++++ DATASET EXCERPTS ++++

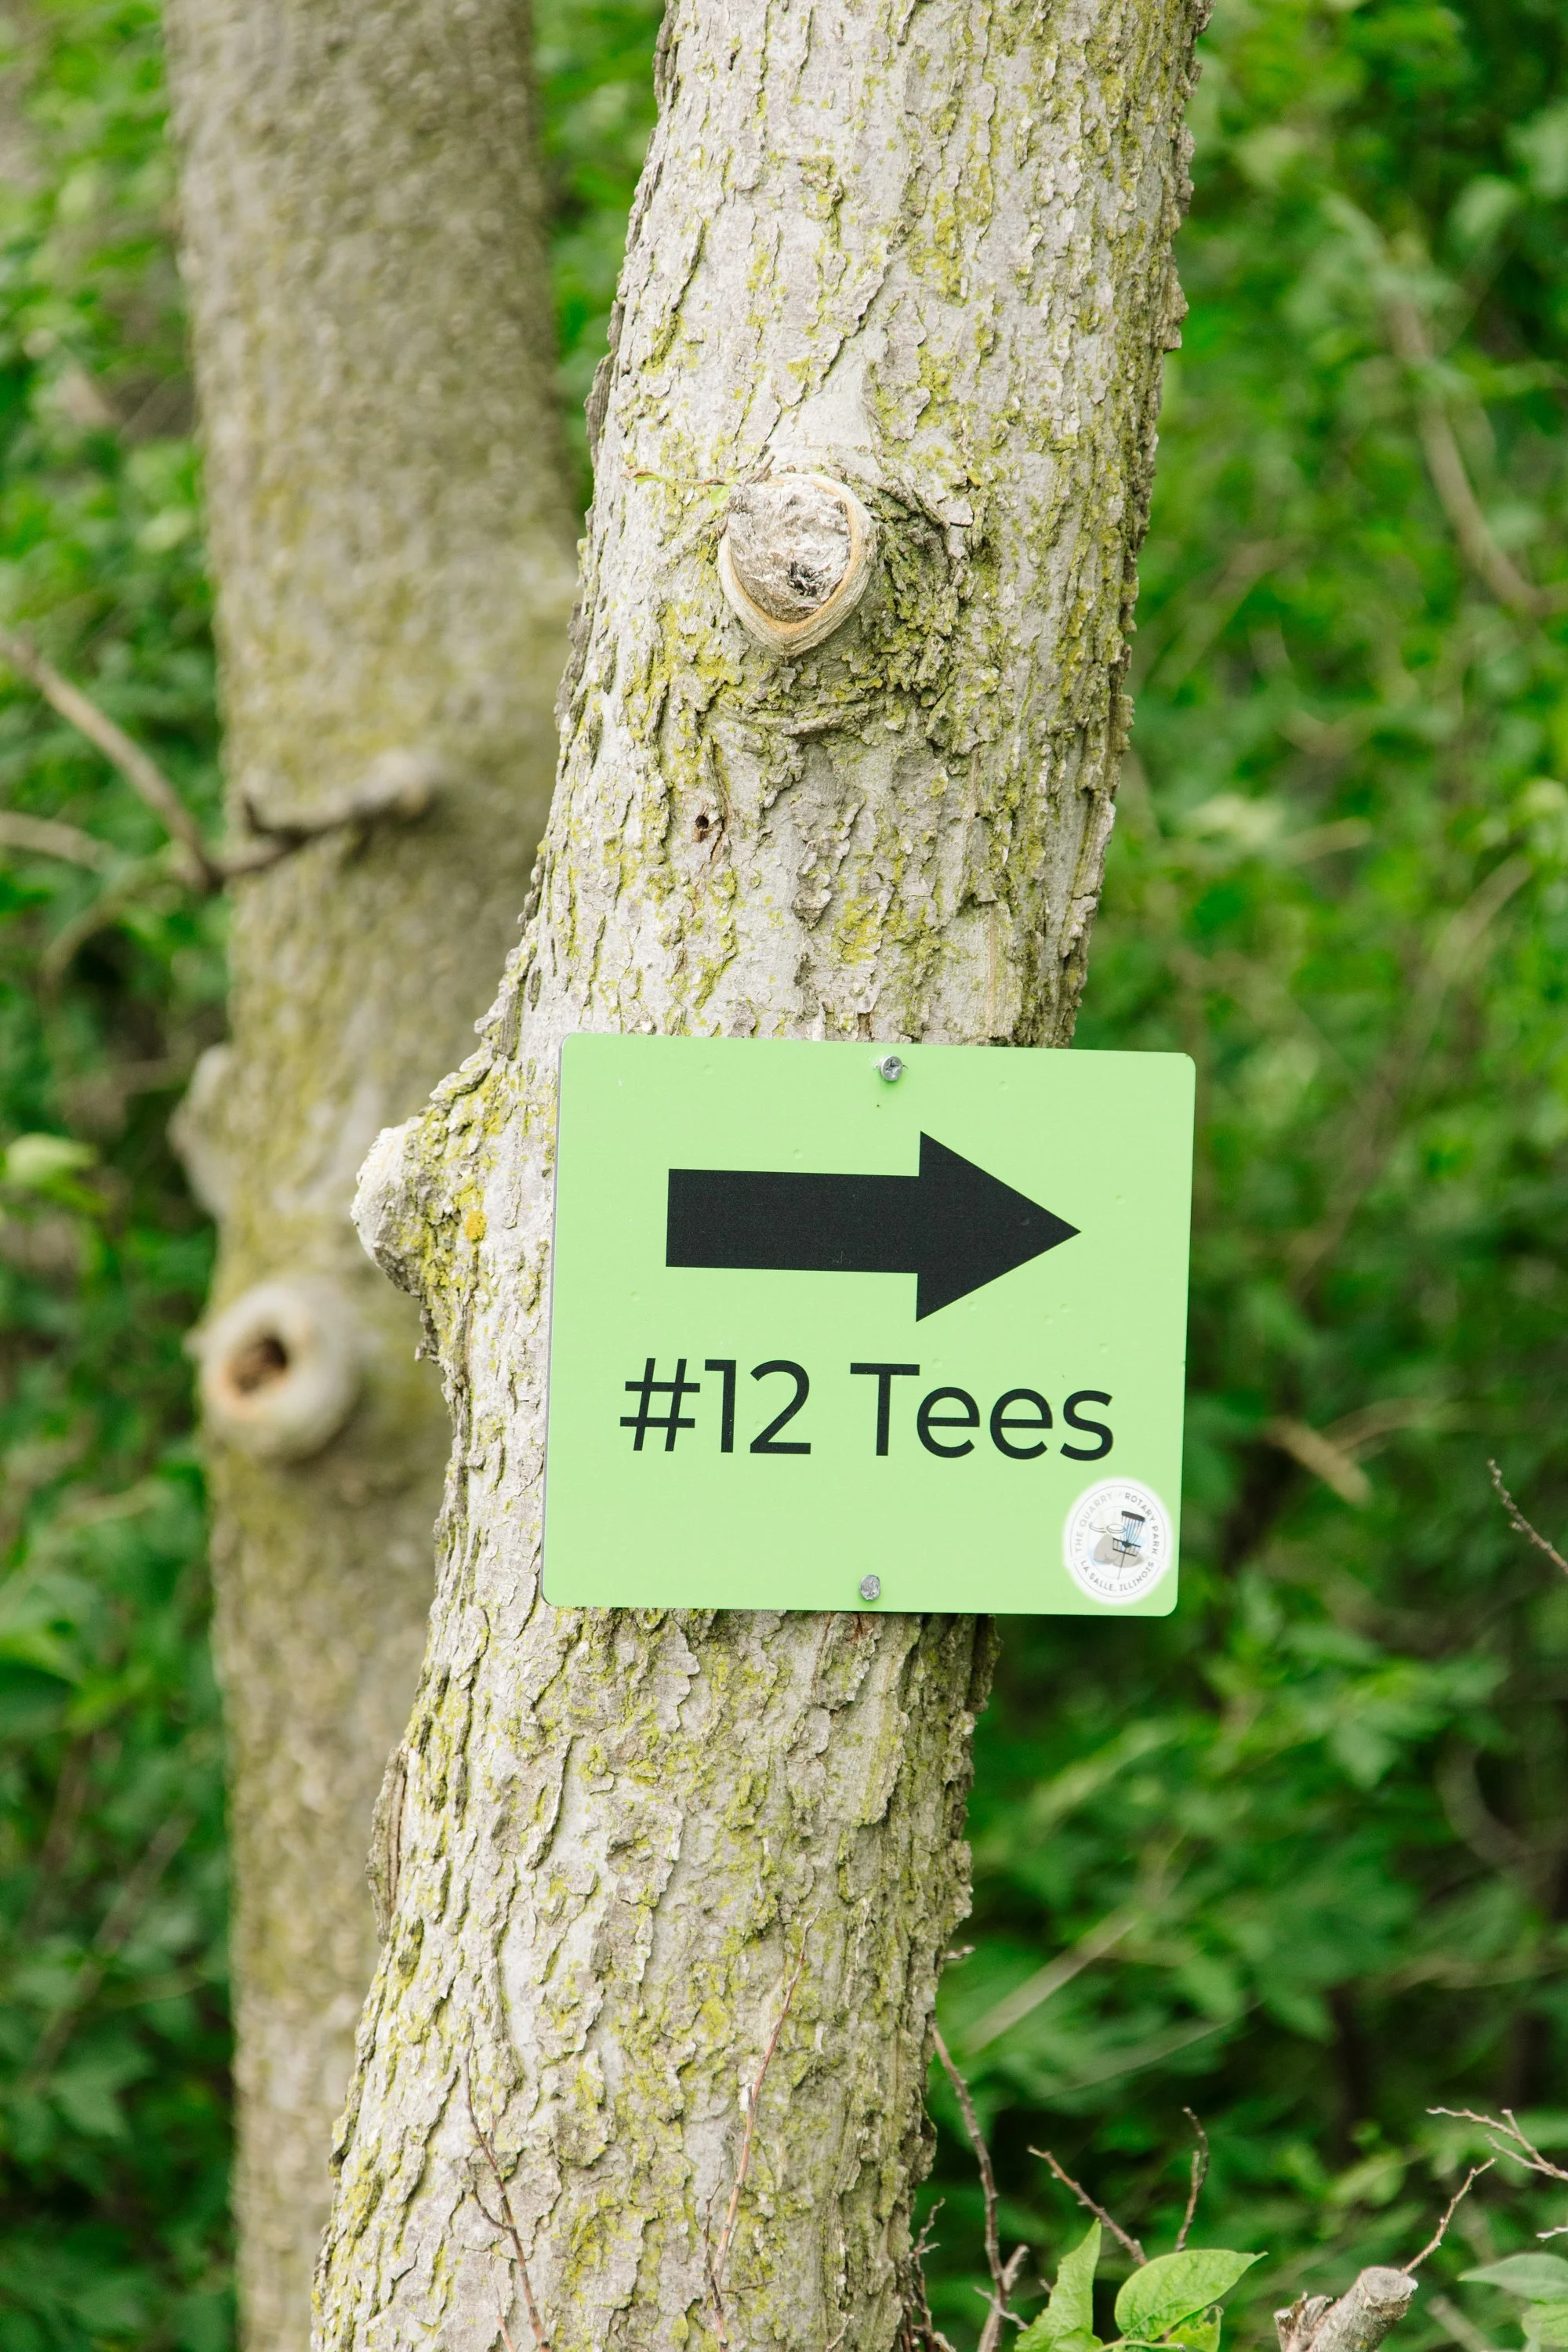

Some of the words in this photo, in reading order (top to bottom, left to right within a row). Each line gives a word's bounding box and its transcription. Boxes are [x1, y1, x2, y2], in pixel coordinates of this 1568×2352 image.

[619, 1357, 811, 1455] #12
[850, 1363, 1113, 1461] Tees
[1075, 1531, 1083, 1553] THE
[1080, 1492, 1112, 1527] QUARRY
[1124, 1492, 1156, 1523] ROTARY
[1151, 1526, 1160, 1555] PARK
[1080, 1560, 1089, 1573] LA
[1120, 1561, 1155, 1592] ILLINOIS
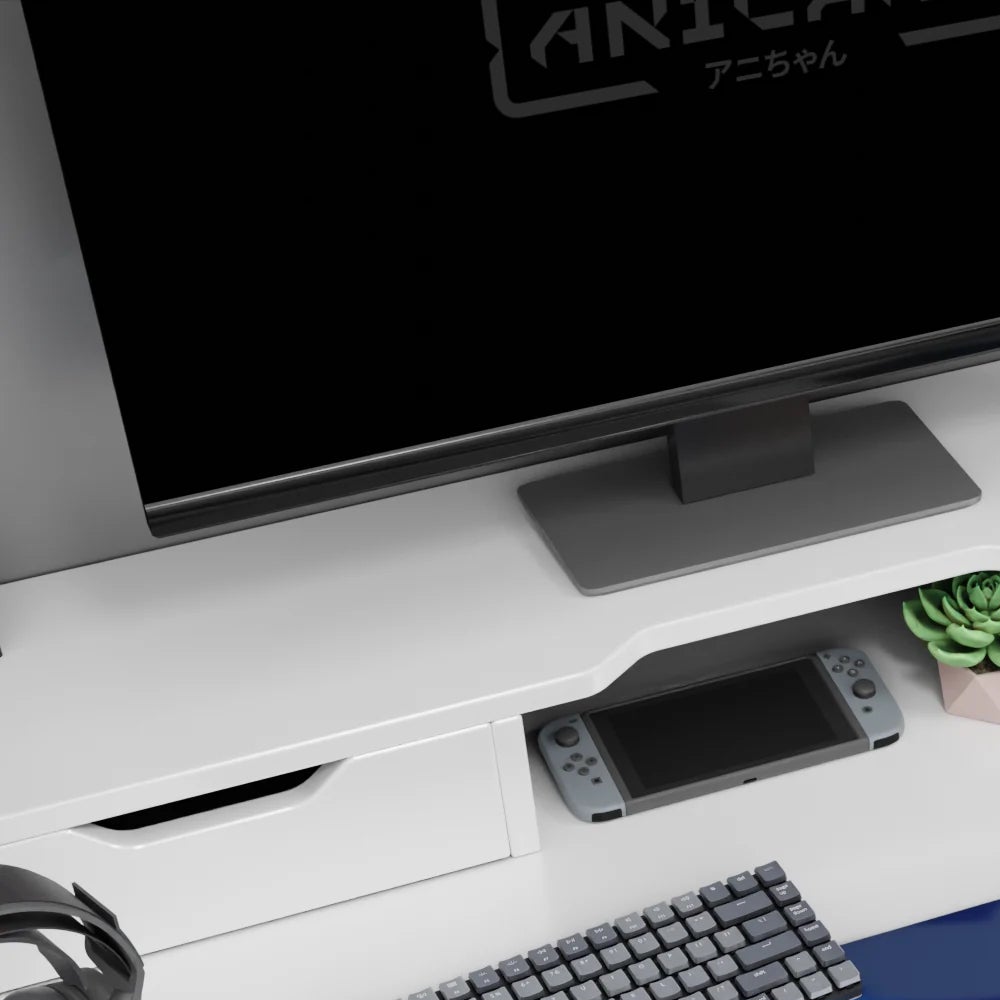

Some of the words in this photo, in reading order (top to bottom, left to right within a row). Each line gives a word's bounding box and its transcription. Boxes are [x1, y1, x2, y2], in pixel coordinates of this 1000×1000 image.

[705, 39, 847, 89] アニちゃん
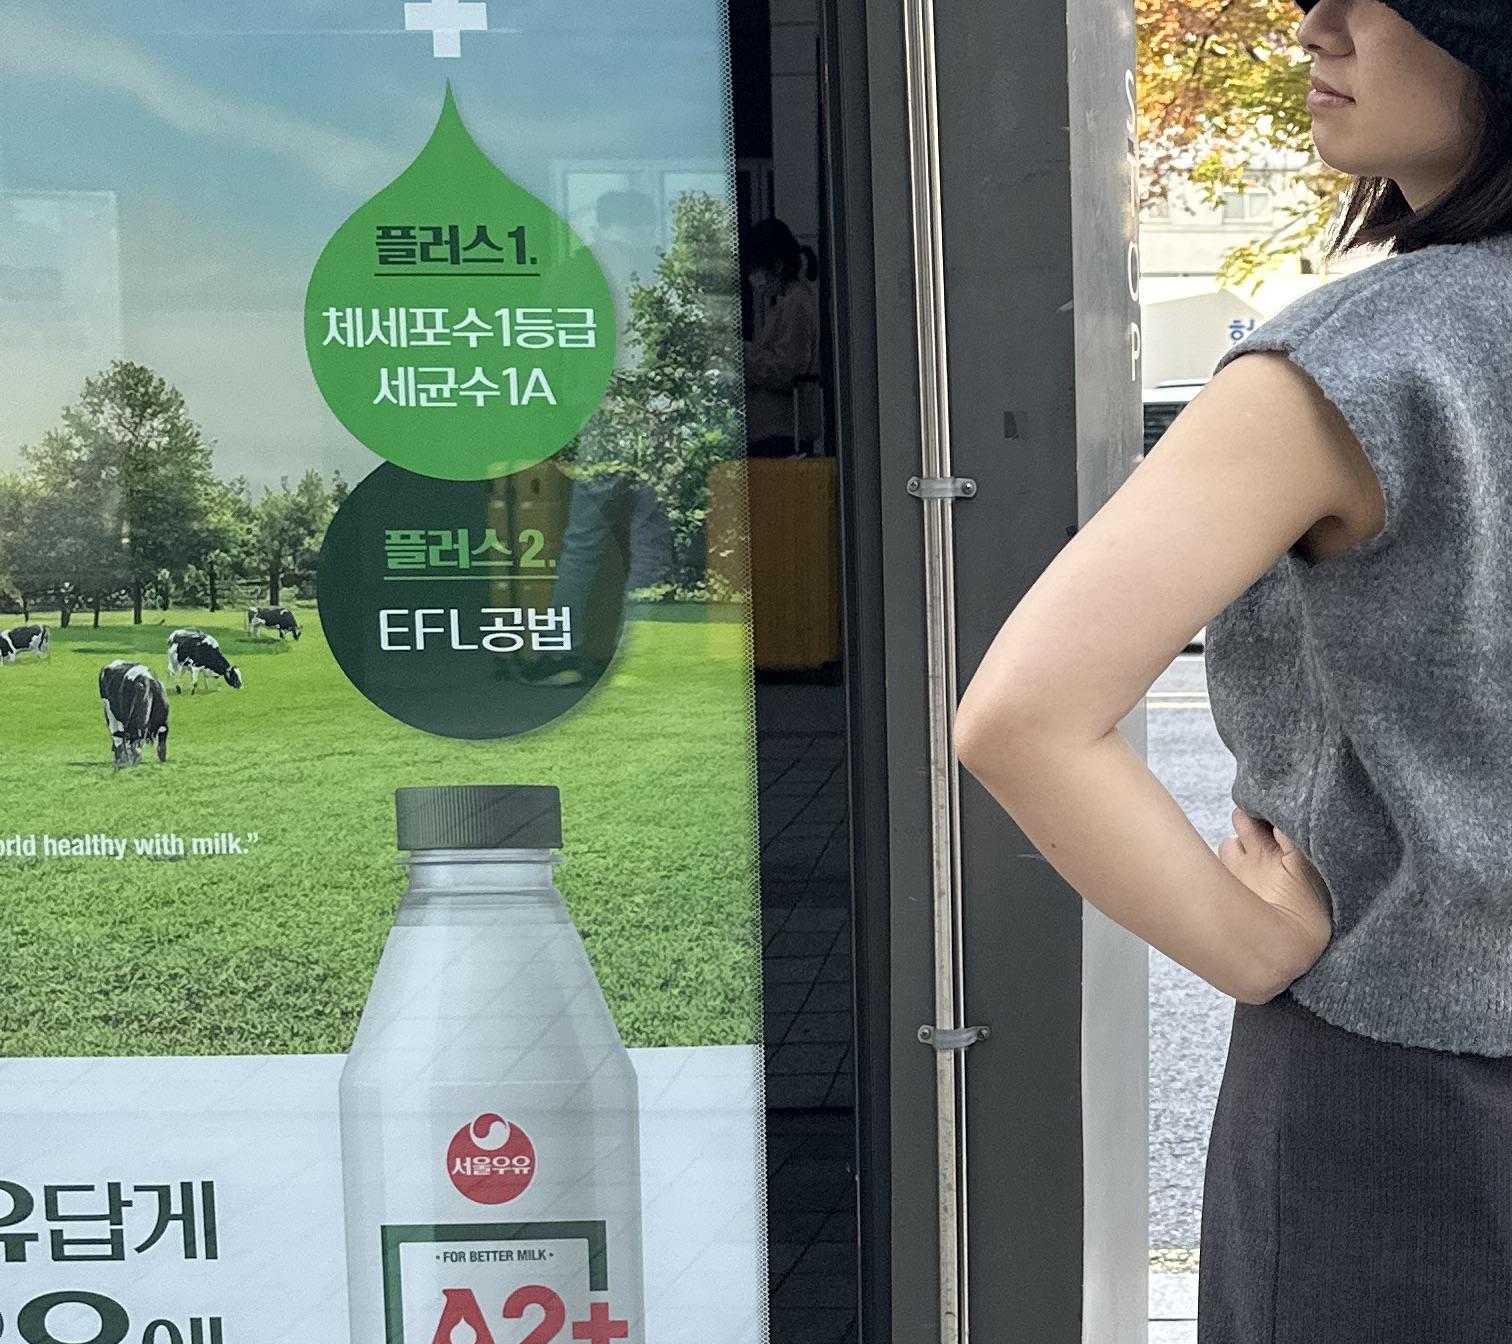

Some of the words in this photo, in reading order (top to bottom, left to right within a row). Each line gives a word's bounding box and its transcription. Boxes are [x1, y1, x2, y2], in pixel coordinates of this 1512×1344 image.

[1124, 69, 1142, 381] STOP
[322, 307, 597, 349] 체세포수1등급
[372, 367, 557, 407] 세균수1A
[379, 607, 573, 652] EFL공법
[43, 834, 126, 860] healthy
[135, 833, 184, 855] with
[452, 1156, 531, 1176] 서울우유
[443, 1251, 467, 1263] FOR
[470, 1250, 514, 1263] BETTER
[517, 1248, 547, 1261] MILK
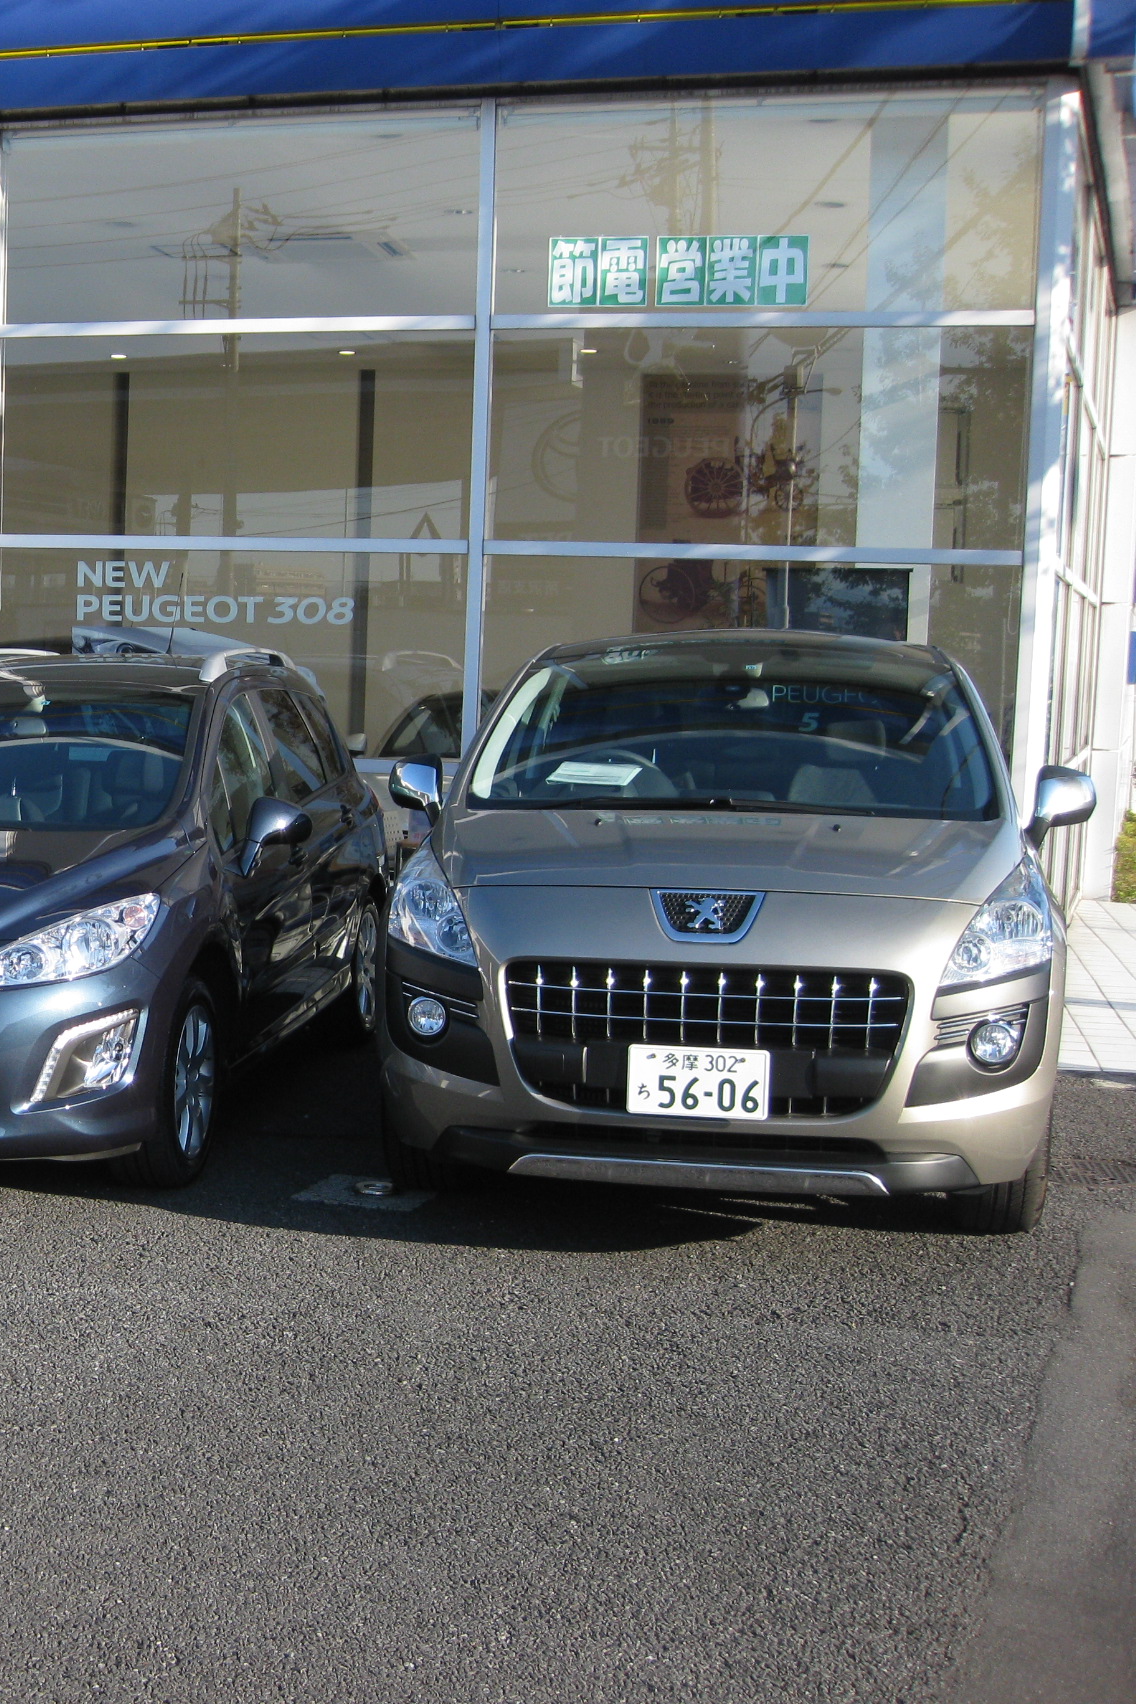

++++

= WHAT NEEDS TO BE DONE =
An exact, word-for-word copy of the records is expected, with no pictures in it.

= YOUR RESPONSE =
Some of the words in this photo, in reading order (top to bottom, left to right within a row). Each line gives a word's bounding box and its transcription. Boxes are [x1, y1, x2, y2], in pixel coordinates of this 1568×2352 image.

[619, 1357, 811, 1455] #12
[850, 1363, 1113, 1461] Tees
[1075, 1531, 1083, 1553] THE
[1080, 1492, 1112, 1527] QUARRY
[1124, 1492, 1156, 1523] ROTARY
[1151, 1526, 1160, 1555] PARK
[1080, 1560, 1089, 1573] LA
[1120, 1561, 1155, 1592] ILLINOIS

Some of the words in this photo, in reading order (top to bottom, left to right within a row). Each line gives a word's bounding box and its transcription. Boxes are [x1, y1, x2, y2], in pixel coordinates of this 1000×1000 image.

[705, 39, 847, 89] アニちゃん

Some of the words in this photo, in reading order (top to bottom, left to right within a row). Each line gives a word's bounding box and its transcription. Boxes are [x1, y1, x2, y2], in pixel coordinates of this 1512×1344 image.

[1124, 69, 1142, 381] STOP
[322, 307, 597, 349] 체세포수1등급
[372, 367, 557, 407] 세균수1A
[379, 607, 573, 652] EFL공법
[43, 834, 126, 860] healthy
[135, 833, 184, 855] with
[452, 1156, 531, 1176] 서울우유
[443, 1251, 467, 1263] FOR
[470, 1250, 514, 1263] BETTER
[517, 1248, 547, 1261] MILK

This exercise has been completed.